I wanted to see the exhibition for two main reasons. One: it is full of manuscripts and rare books, which are always interesting. Two: it’s Byron! I have a bit of an obsession with the man, so there was no way I was going to miss this.

‘Byron and politics’ takes a slightly different look at the “mad, bad and dangerous to know” poet’s life, focusing on his political life and bringing together manuscripts, letters, printed editions and several of Byron’s personal possessions. The exhibition explores the contradictions in the poet’s thought and life: he hated the ruling Tory party but also disliked their opponents the Whigs; he was an aristocrat with a seat in the House of Lords, yet he spoke up for the poor and needy, notably in his Parliamentary speech in which he championed the cause of the Nottinghamshire Luddites; he was in love with the idea of democracy yet refused to admit the poor he knew to be capable of taking part in it.
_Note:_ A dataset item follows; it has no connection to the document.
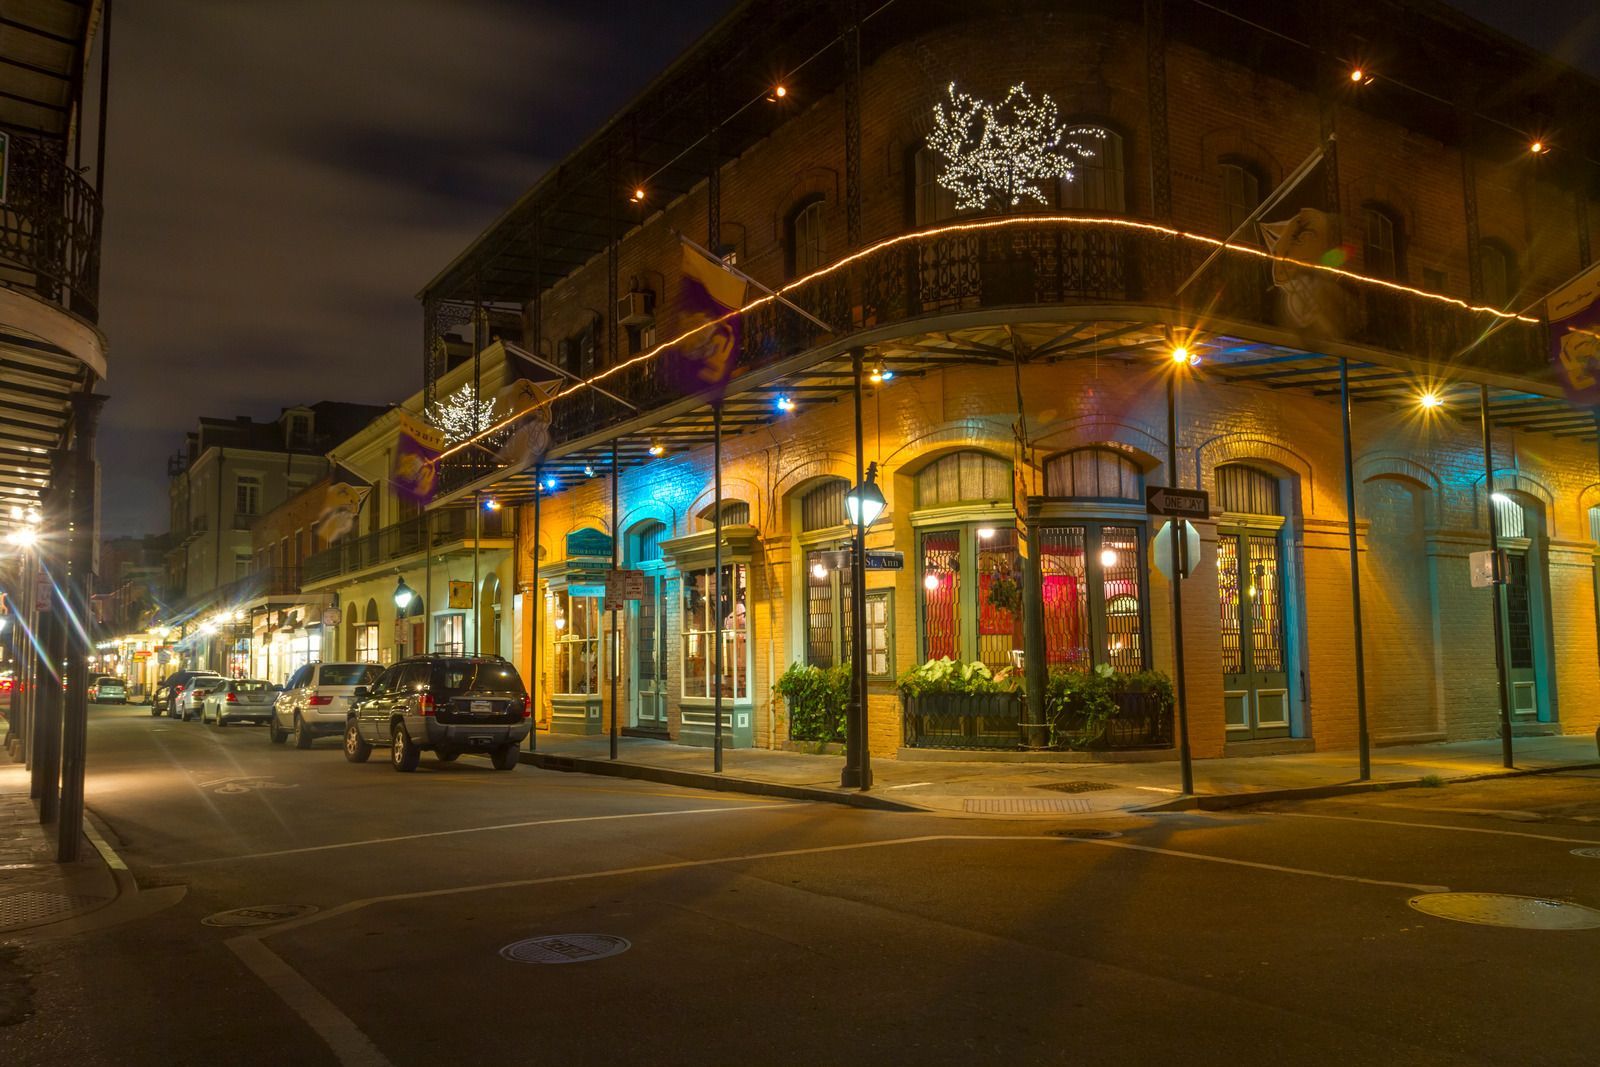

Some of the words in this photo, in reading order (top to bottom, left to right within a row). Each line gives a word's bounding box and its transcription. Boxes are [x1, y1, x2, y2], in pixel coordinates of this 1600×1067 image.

[1164, 496, 1182, 508] ONE
[865, 557, 877, 567] St.
[880, 557, 899, 567] Ann
Byron greatly admired Napoleon and was overwhelmingly disappointed when he chose exile over  a ‘noble death’. He himself met his end in Missolonghi, Greece, fighting for the cause of Greek independence.
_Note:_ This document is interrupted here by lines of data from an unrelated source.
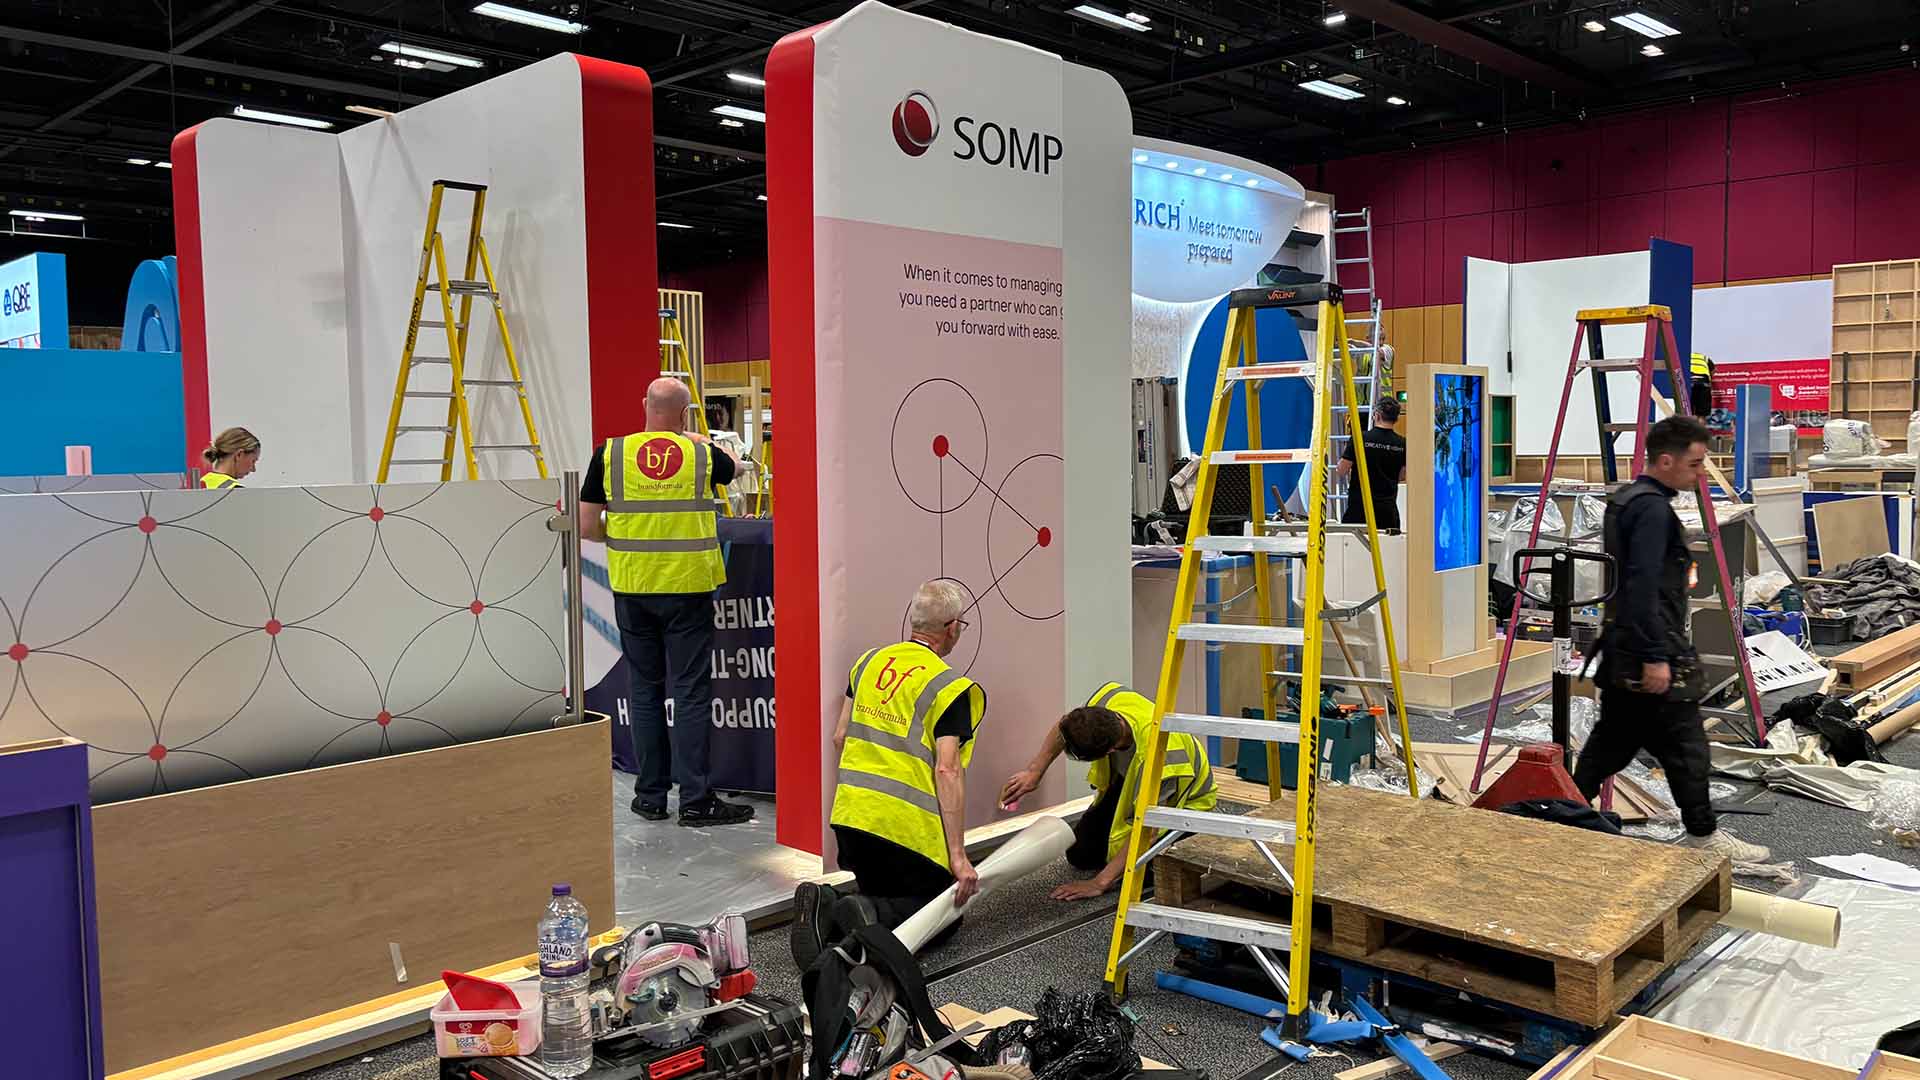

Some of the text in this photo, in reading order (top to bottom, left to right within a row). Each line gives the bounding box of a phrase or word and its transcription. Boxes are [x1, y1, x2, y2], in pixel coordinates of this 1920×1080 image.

[953, 116, 1064, 175] SOMP
[1134, 198, 1262, 245] RICH Meet tomorrow
[1187, 243, 1233, 264] prepared
[903, 263, 1063, 297] When it comes to managing
[13, 281, 31, 314] QBE
[899, 292, 923, 308] you
[925, 294, 957, 309] need
[959, 297, 967, 310] a
[970, 298, 1012, 313] partner
[1013, 300, 1036, 315] who
[1038, 304, 1058, 317] can
[936, 320, 1060, 340] you forward with ease.
[644, 444, 676, 476] bf
[713, 596, 775, 630] RTNER
[710, 646, 775, 679] ONG-T
[875, 656, 926, 705] bf
[711, 697, 776, 729] SUPPO
[538, 942, 572, 957] GHLAND
For someone whose reputation is of a wild, wicked, immoral and frivolous poet, Byron’s deep engagement with the political issues of the day are something of a revelation. This aspect of his life shows, perhaps, a deeper side to his character and a more serious one. He also seems to have had a strong sympathetic understanding of the less fortunate, though ultimately he refused to side with any one party or way of thinking, preferring to form his own views. I took a copy of the exhibition guide, so that I can revisit this aspect of Byron’s life in the future.

Harrow Old Speech Room Gallery and Museum

Harrow School is one of the most famous schools in the UK, and possibly the world. Its alumni include several writers, artists, politicians and even actors – the lovely Benedict Cumberbatch is an Old Harrovian.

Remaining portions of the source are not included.